EXERCISE PROMPT:
The answer must reproduce all of the data below exactly and contain no images.

(Free-text object descriptions)
<<<<

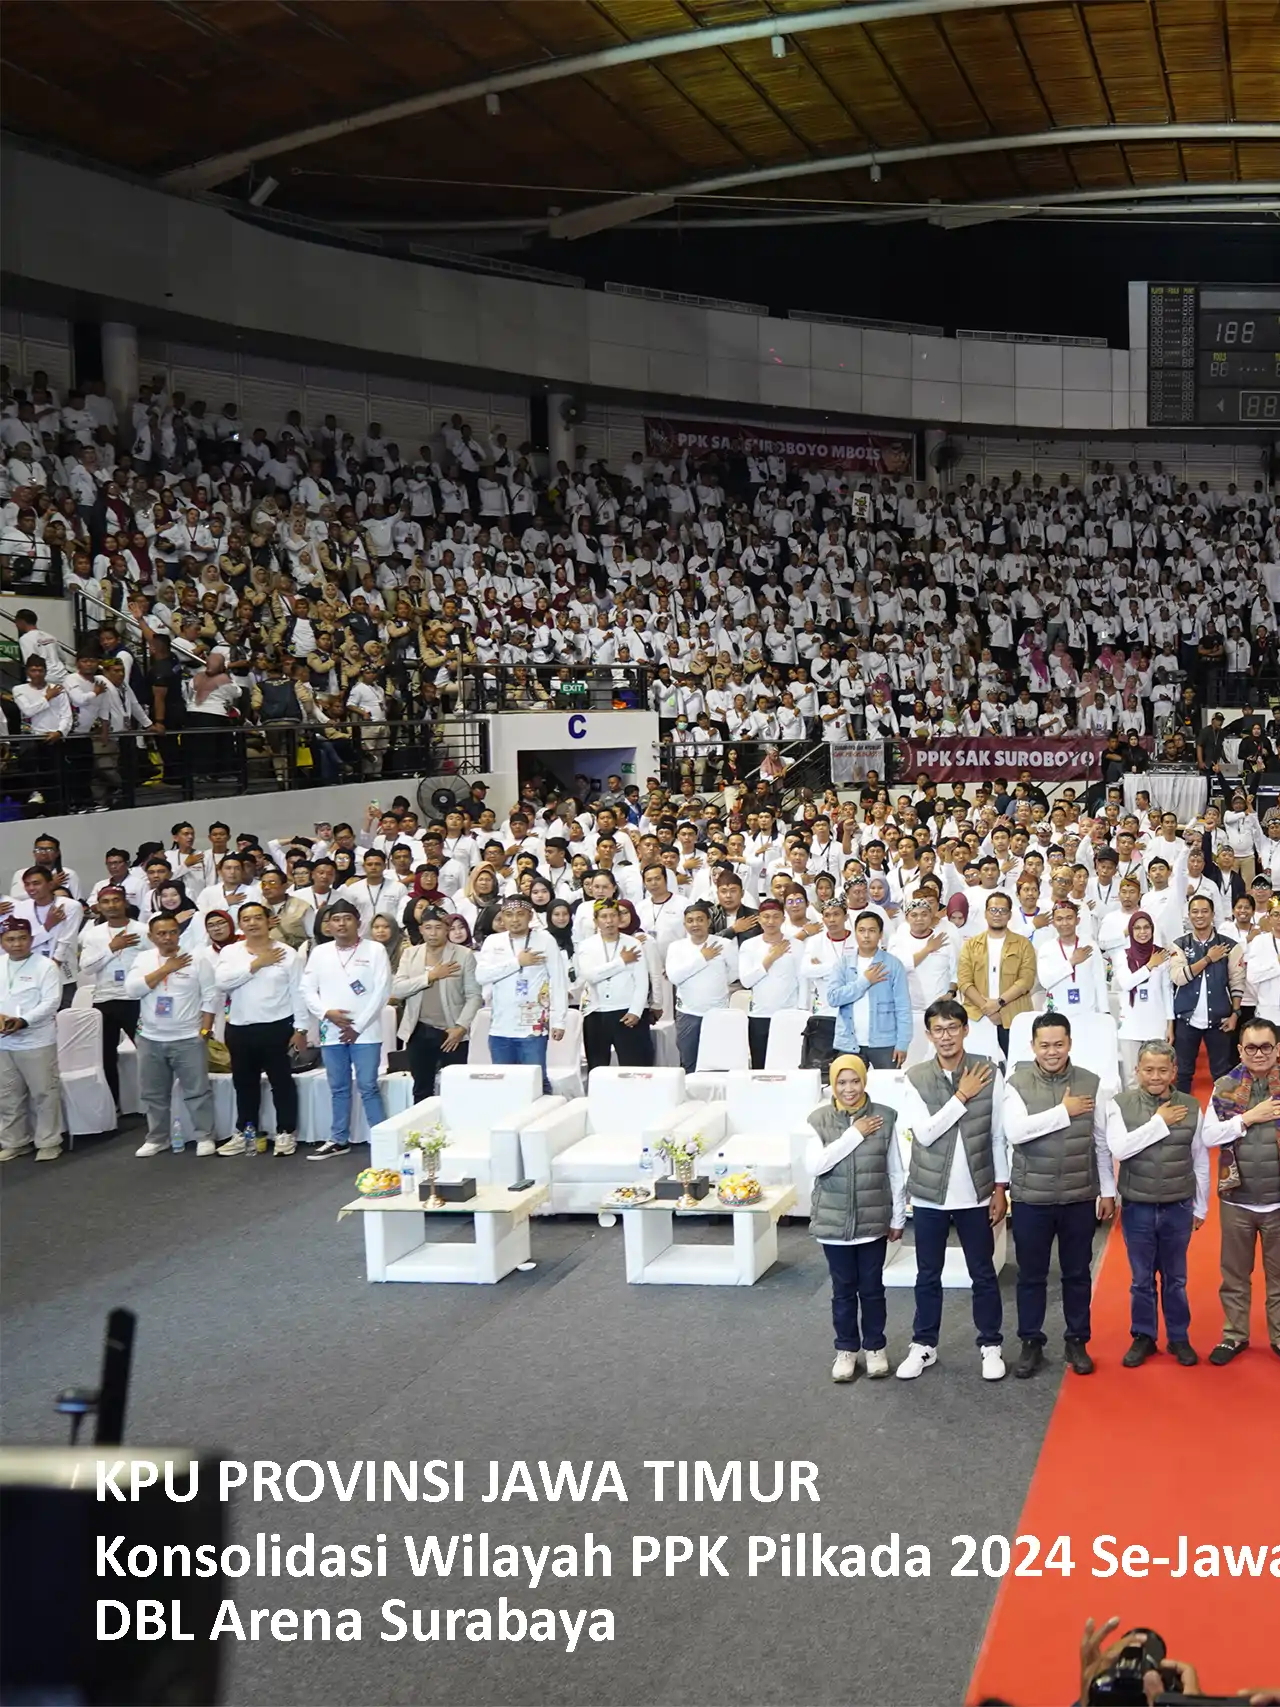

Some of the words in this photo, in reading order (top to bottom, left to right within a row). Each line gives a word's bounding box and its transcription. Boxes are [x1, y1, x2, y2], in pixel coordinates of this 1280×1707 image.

[1216, 321, 1255, 344] 188
[677, 432, 709, 448] PPK
[711, 435, 738, 451] SA
[831, 445, 881, 460] MBOIS
[562, 684, 583, 692] EXIT
[568, 714, 587, 739] C
[916, 750, 952, 767] PPK
[955, 750, 991, 767] SAK
[994, 750, 1094, 767] SUROBOYO

>>>>

ANSWER SPACE:
Some of the words in this photo, in reading order (top to bottom, left to right within a row). Each line gives a word's bounding box and its transcription. Boxes are [x1, y1, x2, y2], in pixel coordinates of this 1280×1707 image.

[1216, 321, 1255, 344] 188
[677, 432, 709, 448] PPK
[711, 435, 738, 451] SA
[831, 445, 881, 460] MBOIS
[562, 684, 583, 692] EXIT
[568, 714, 587, 739] C
[916, 750, 952, 767] PPK
[955, 750, 991, 767] SAK
[994, 750, 1094, 767] SUROBOYO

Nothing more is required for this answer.